Our pre-clinical evaluation of TRPA1 blockade is definitionally limited to mice and would require human clinical trials to validate. The promises and limitations of TRPA1 blockade have been well reviewed [46]. In brief, TRPA1^-/- mice appear overall normal and, unlike the other TRP receptors, TRPA1 blockade does not harm systemic thermoregulation. TRPA1 blockade does however carry a theoretical risk of loss of the nociception, which could block the needed signals that would otherwise cause people to avoid certain irritants. However overall, this work suggests (di)isocyanates should be further assessed as a potential contributor to AD and presents TRPA1 a potential therapeutic target for this patient population.

Supporting information

S1 Video. TDI directly activates calcium flux from neurons in a TRPA1 dependent manner.

(A) Fluorescence intensity for calcium flux cause by toluene diisocyanate (TDI) added to Schwann neurons at time indicated by arrow. (B) As in A but cells were pre-treated with TRPA1 inhibitor HC030031 (HC) 30 minutes prior to TDI exposure. (C) Similar to A and B, cells were pre-treated with HC 30min prior and then re-exposed to HC immediately prior to TDI challenge. Data represent four independent experiments.

(MOV)

S1 Fig.

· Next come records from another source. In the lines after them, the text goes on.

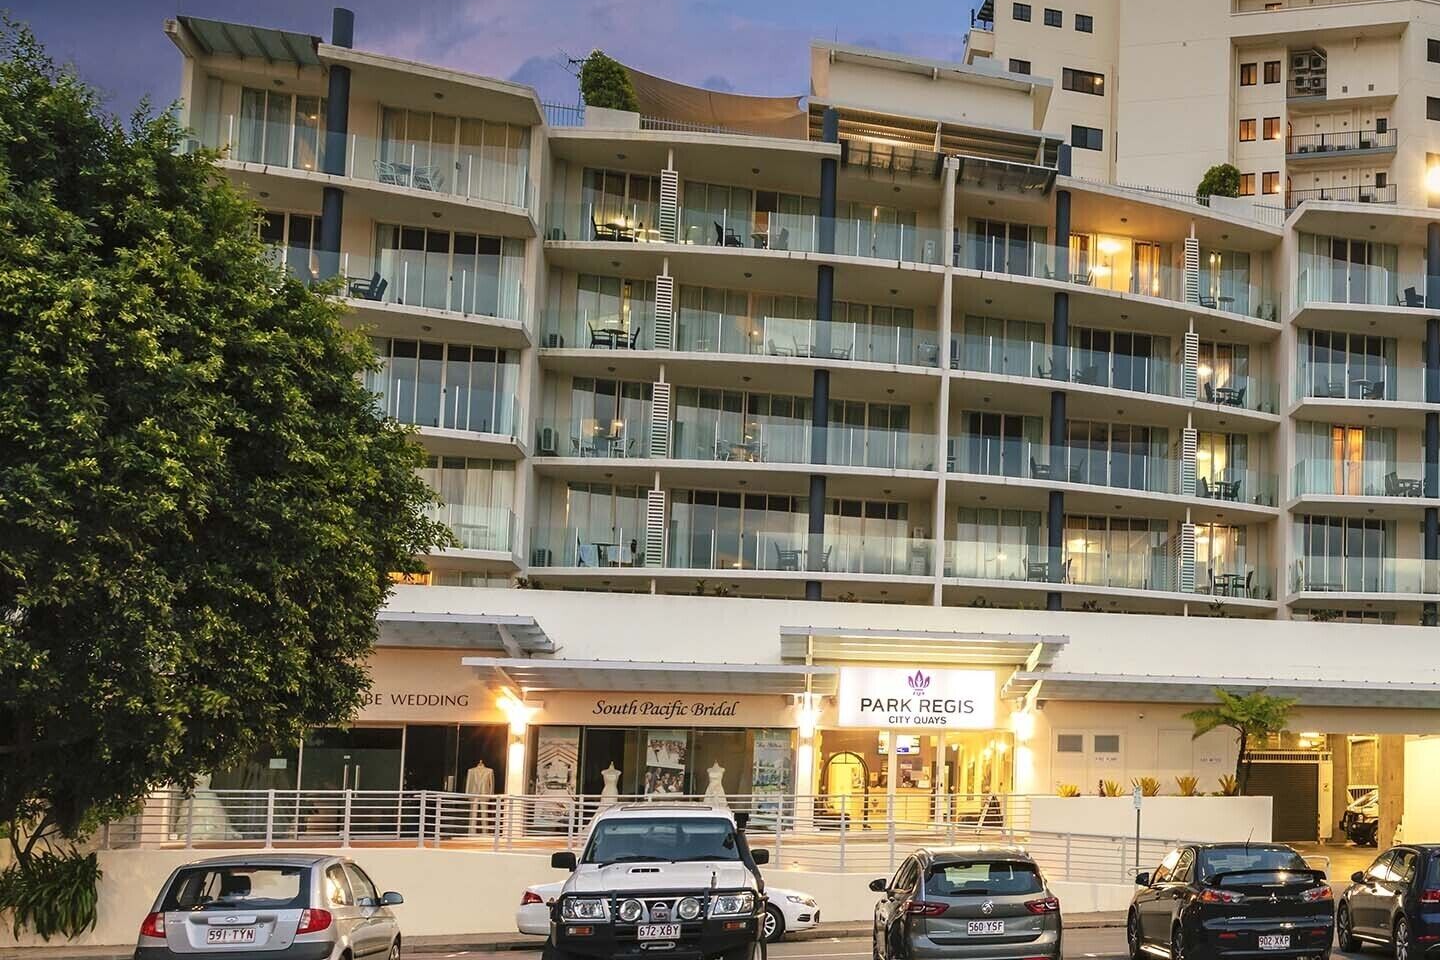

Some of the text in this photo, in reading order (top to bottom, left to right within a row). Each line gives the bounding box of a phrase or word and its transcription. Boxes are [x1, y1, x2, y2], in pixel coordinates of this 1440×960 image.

[391, 693, 469, 707] WEDDING
[860, 698, 975, 714] PARK REGIS
[592, 699, 740, 720] South Pacific Bridal
[888, 715, 947, 725] CITY QUAYS
[640, 926, 656, 936] 672
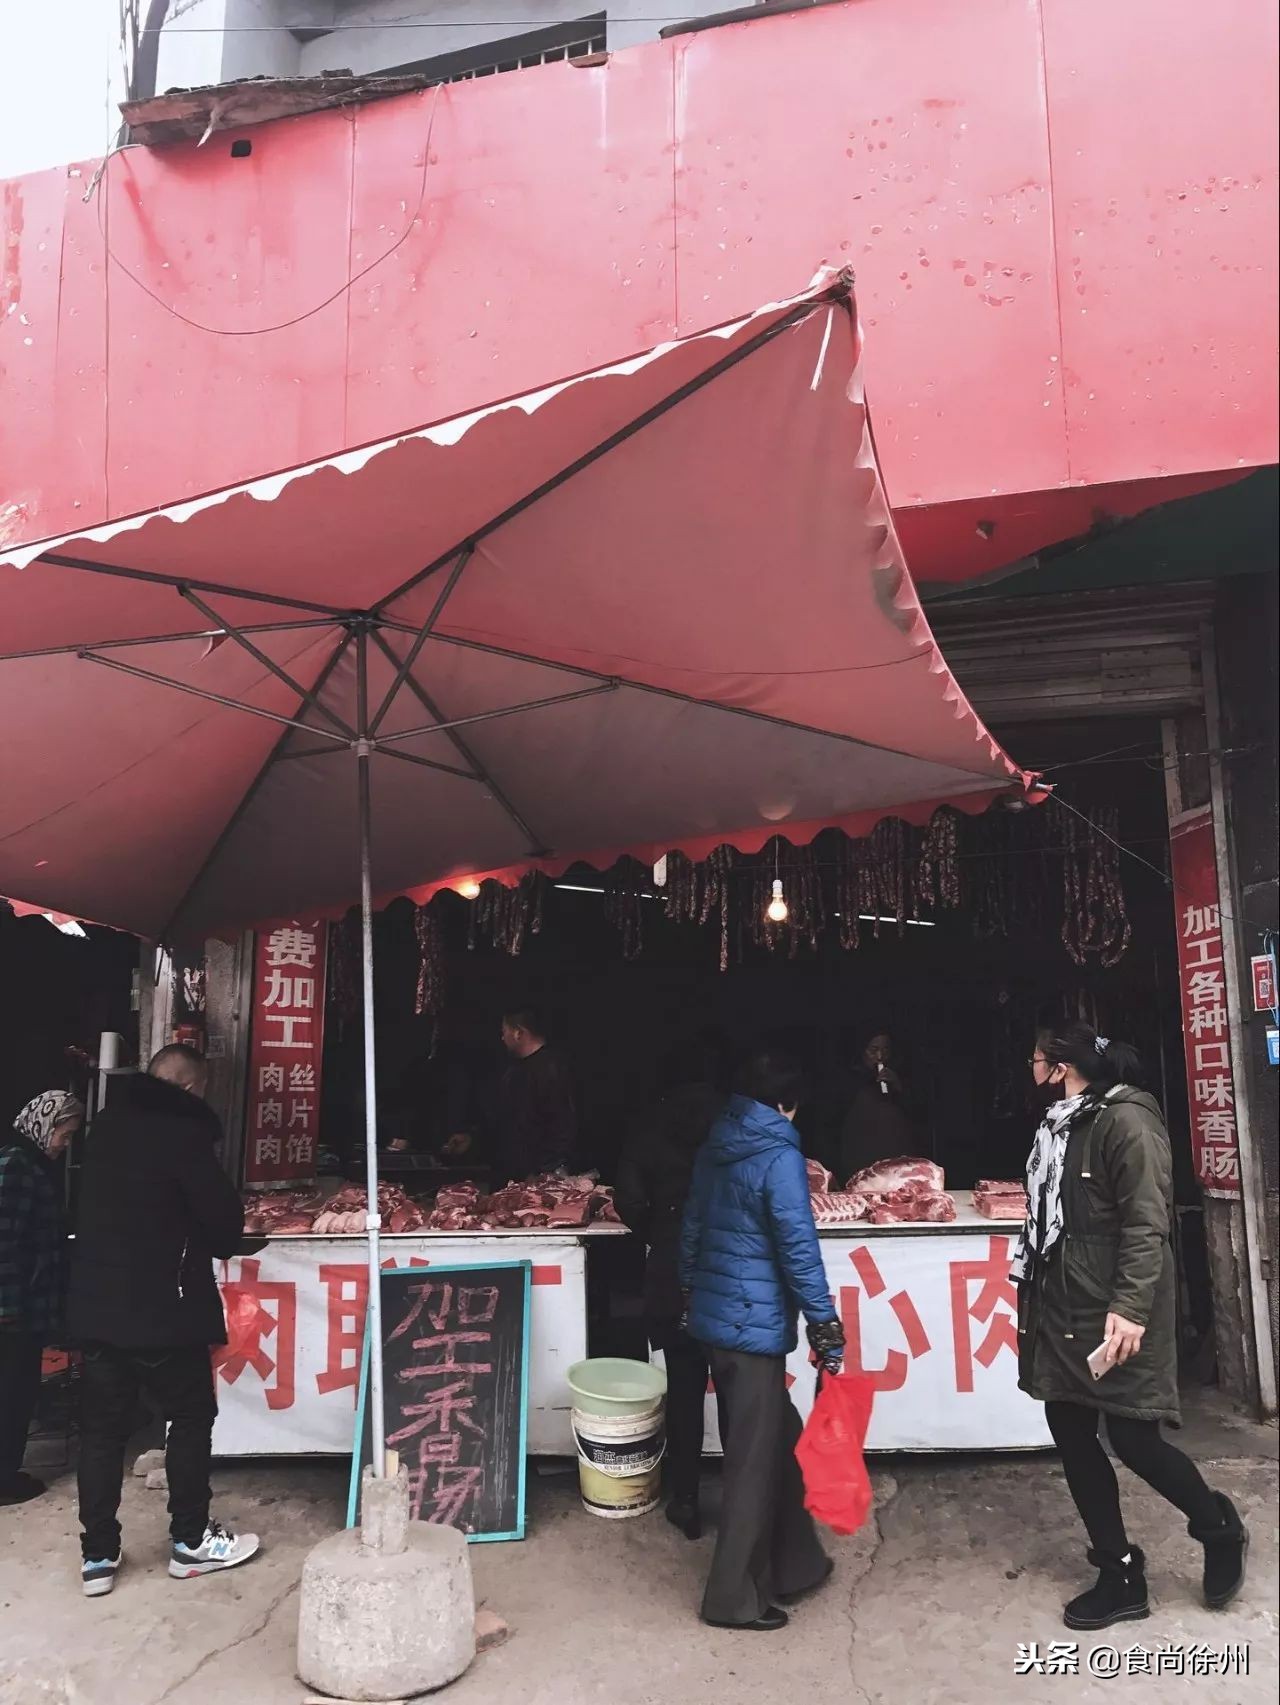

No baseline differences were present between wild type (WT) and TRPA1^-/- mice.

(A) Left ear thickness from 8 mice aged 8 weeks for either WT or TRPA1-/- mice. (B) Representative images from two mice per group showing gross ear anatomy. (C) Representative H&E slides from two mice per group demonstrating baseline histology.

(PDF)

Data Availability

All relevant data are within the paper and its Supporting information files.

Funding Statement

This work was supported by the Intramural Research Program of the National Institute of Allergy and Infectious Diseases (NIAID). The funders had no role in study design, data collection and analysis, decision to publish, or preparation of the manuscript.